I also think my mind may be A weakness, but our minds can also be our Greatest strength(true of AnyOne). Ask any survivor of trauma or wilderness whether he/she needed Will to Survive and something to live for... to thrive. Even people who's lives aren't threatened will admit they do.

Kristy
May, 6 2015 at 4:45 am

Everyone is different and everyone's experience of medications are different. I agree that people should keep looking till they find the one that helps and it can be a hard process sadly.
Some people can't take anti-depressants like me. However they saved the life of the man I love so I am grateful for that.
I miss my Epillum it was great for me, but I have had friends who have servere reactions to it.
I hate Saroquel, but it is the safest medication while we try to have a baby (TTC 2+ yrs). Saroquel makes me extremely tired all the time.
I hate the people who tell me that I shouldn't take drugs, because my life is so much harder without them and I only need to not make it one day to be in the cemetery.

TracyG
May, 5 2015 at 8:49 am

Everyone has their opinion and the most opinionated are those who do not suffer from any mental illness. I've been told it's all in my head and I don't need the medicine. And yesterday was a really special day where some man saw my wrists and explained to me that I didn't need medication, that I actually have demons and satan in me and that if I went to some "Dr" that he could force the demons out of me.
I worked with my Dr until I found the perfect one for me, that keeps me, me.
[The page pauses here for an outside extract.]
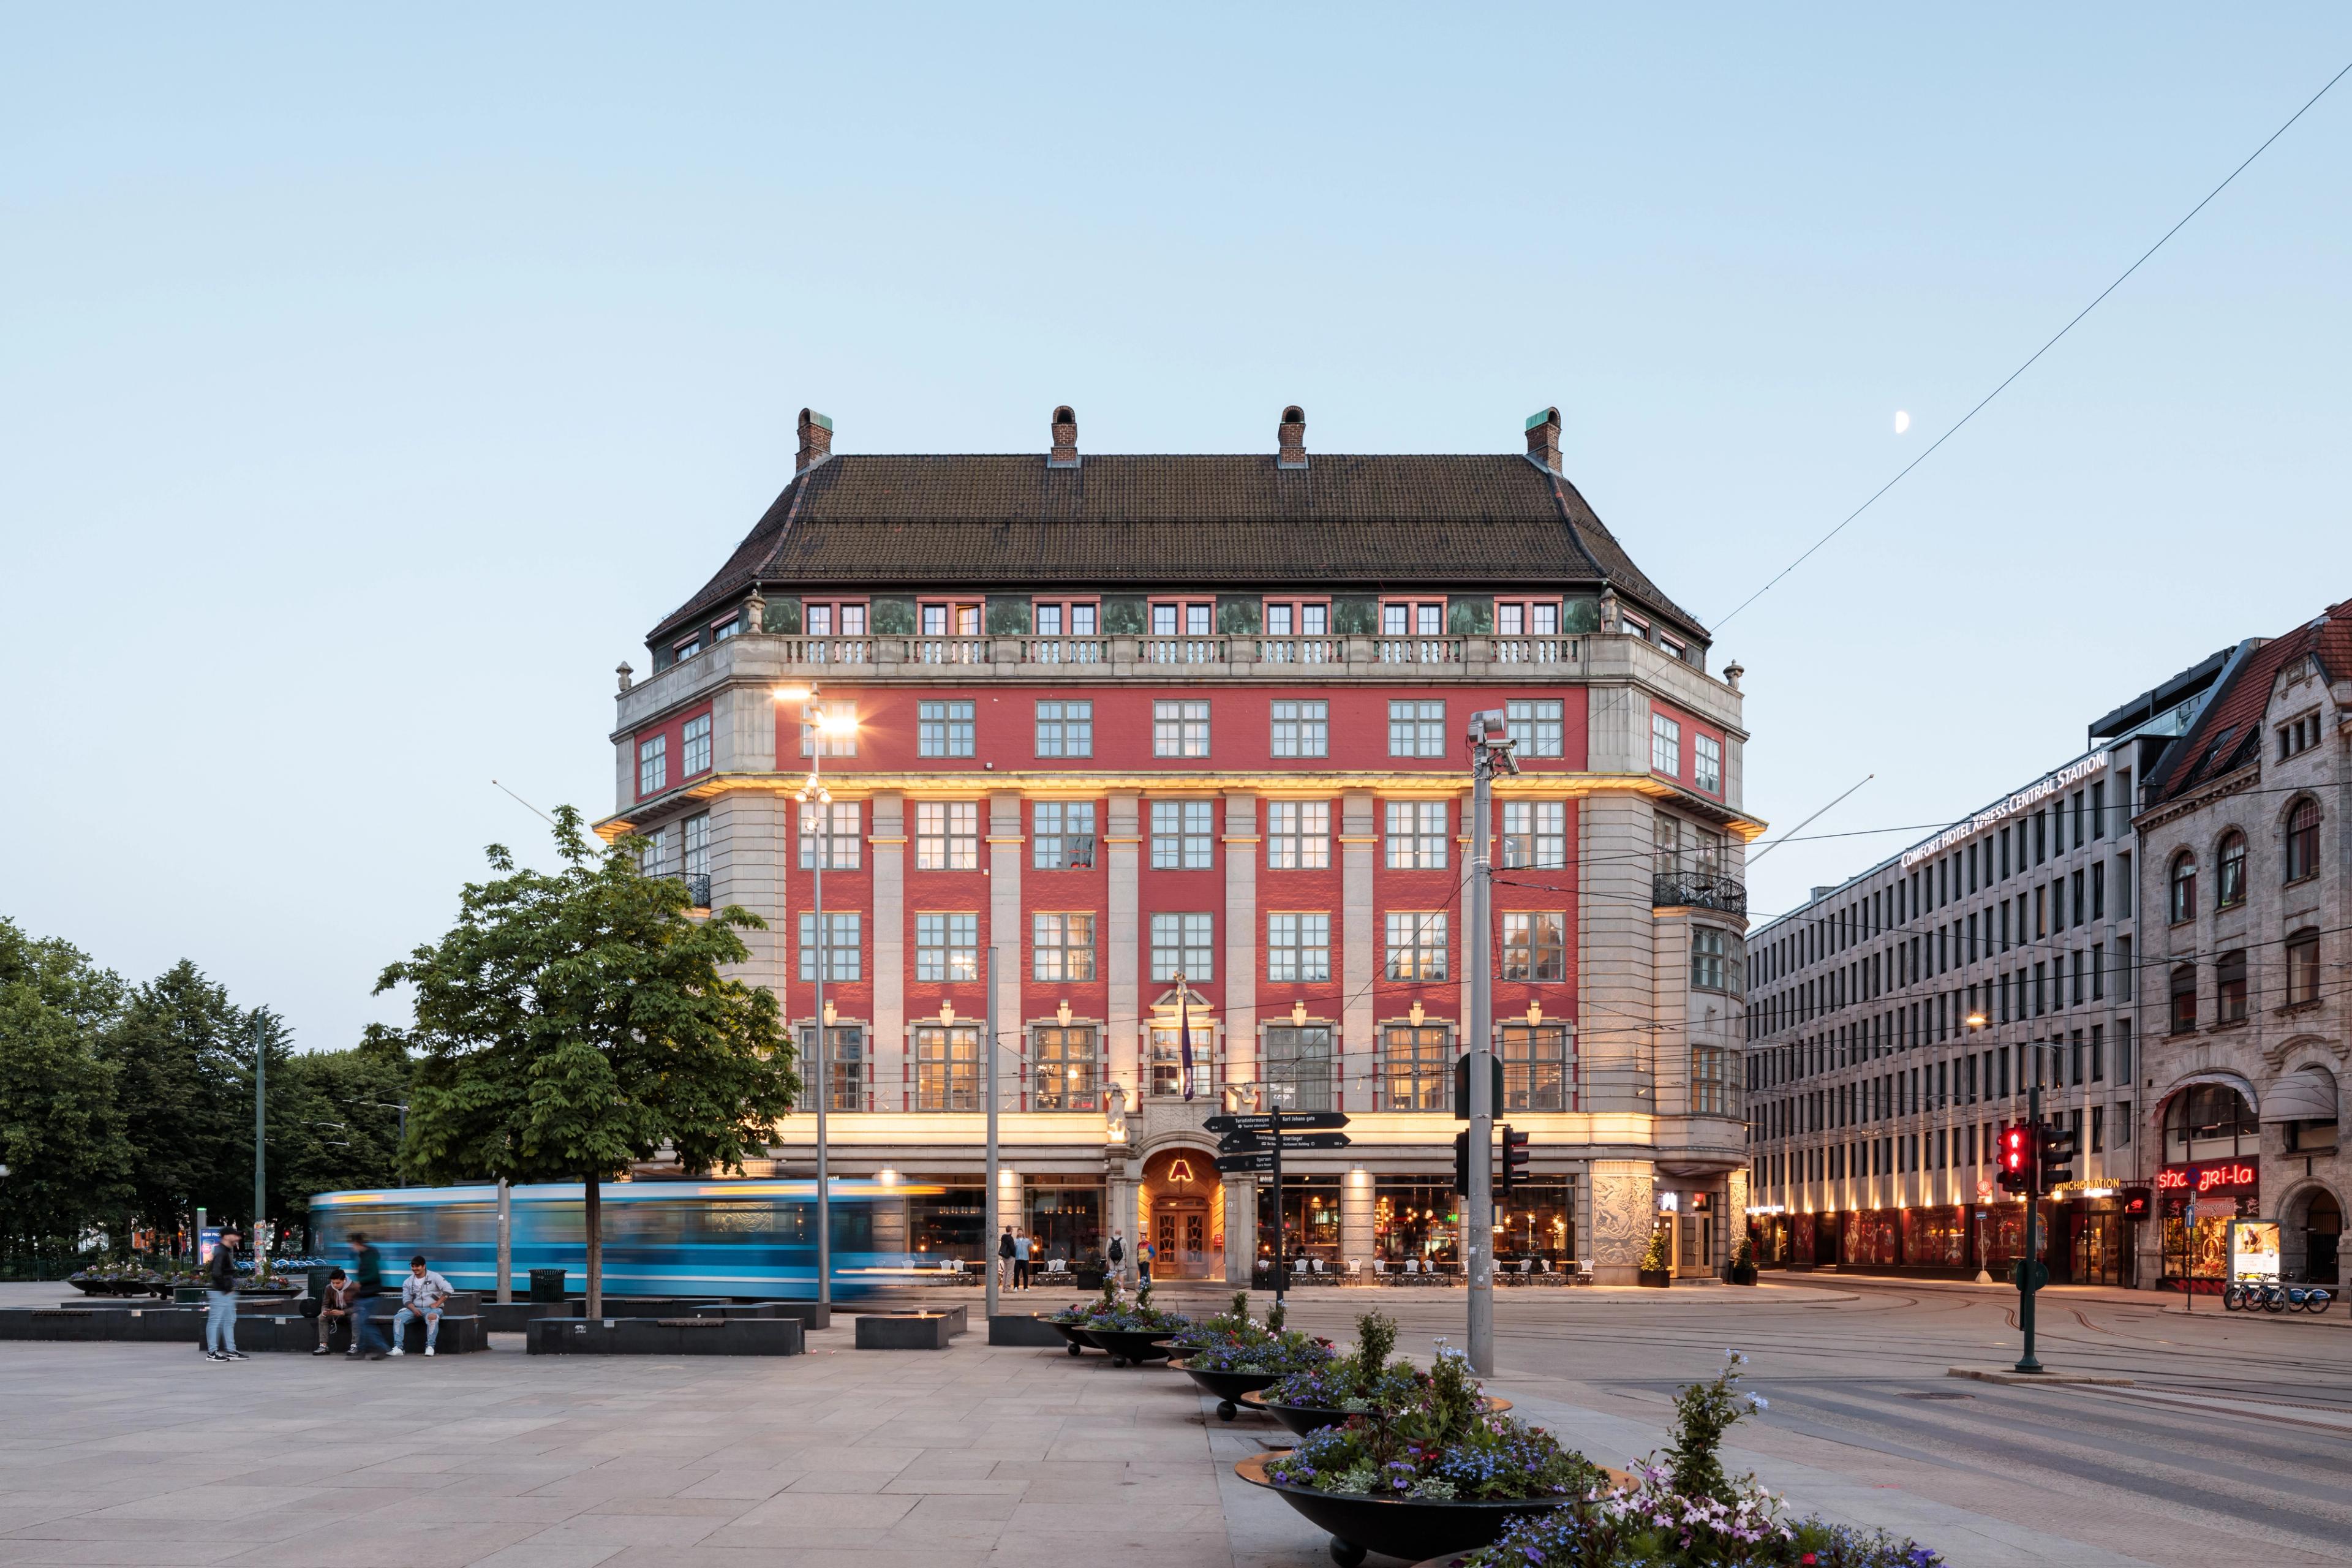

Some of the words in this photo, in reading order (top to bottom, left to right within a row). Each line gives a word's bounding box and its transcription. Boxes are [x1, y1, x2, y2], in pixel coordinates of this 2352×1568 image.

I am usually happy, silly and like to make others happy. My meds stopped working in 2013 and I didn't realize it. For 3 days all I could do was try to find ways to make the awful feelings go away, which resulted in slit wrists, deep and over 2 inches long, only reason I lived thru it was 2 days before I took 30 blood pressure pills and 100 Xanax, so I couldn't make myself bleed out enough. It took a second attempt before they doubled my dose and I'm back to me. I've realized that people are scared and ignorant when it comes to mental illness.